The following data is to be repeated exactly, its pictures excluded.

[Dataset entries]

________________

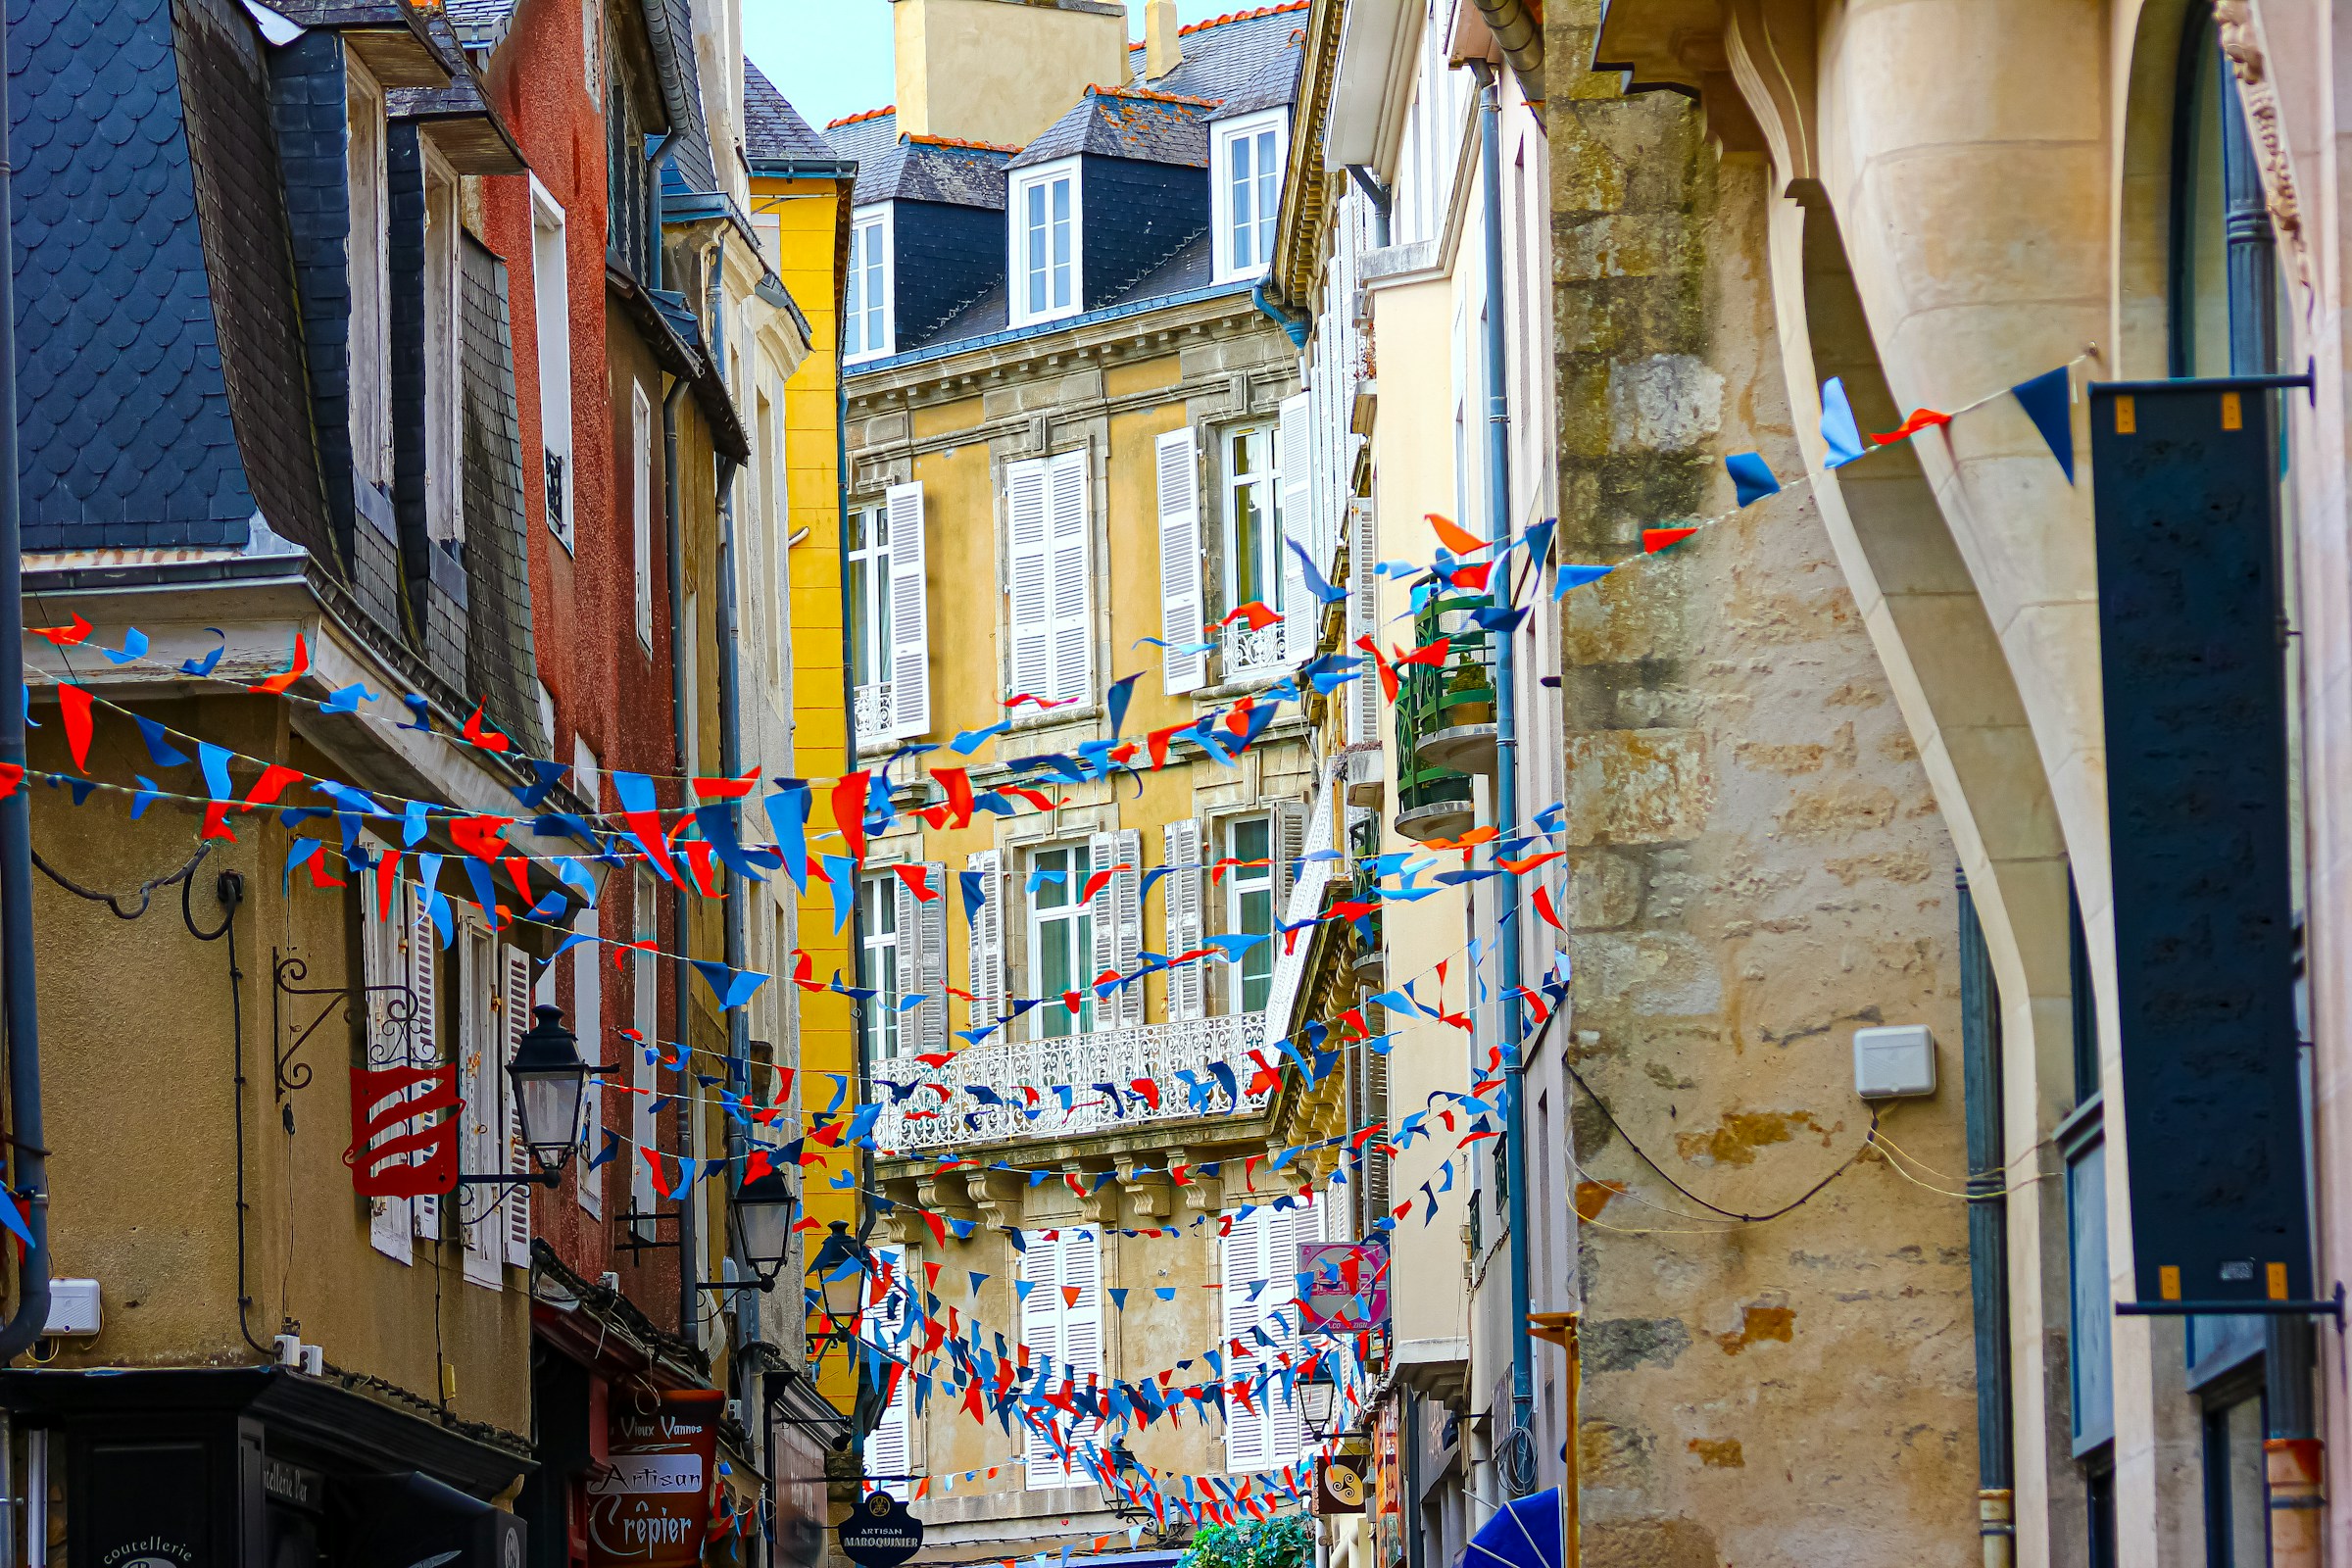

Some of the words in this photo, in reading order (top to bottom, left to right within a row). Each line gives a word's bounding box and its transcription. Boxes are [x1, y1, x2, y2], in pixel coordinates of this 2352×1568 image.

[620, 1416, 655, 1439] Vieux
[590, 1463, 701, 1493] Artisan
[590, 1494, 692, 1559] Crêpier
[103, 1536, 192, 1565] coutellerie
[845, 1537, 918, 1548] MAROQUINIER

________________

Completed task >>
Some of the words in this photo, in reading order (top to bottom, left to right within a row). Each line gives a word's bounding box and its transcription. Boxes are [x1, y1, x2, y2], in pixel coordinates of this 2352×1568 image.

[620, 1416, 655, 1439] Vieux
[590, 1463, 701, 1493] Artisan
[590, 1494, 692, 1559] Crêpier
[103, 1536, 192, 1565] coutellerie
[845, 1537, 918, 1548] MAROQUINIER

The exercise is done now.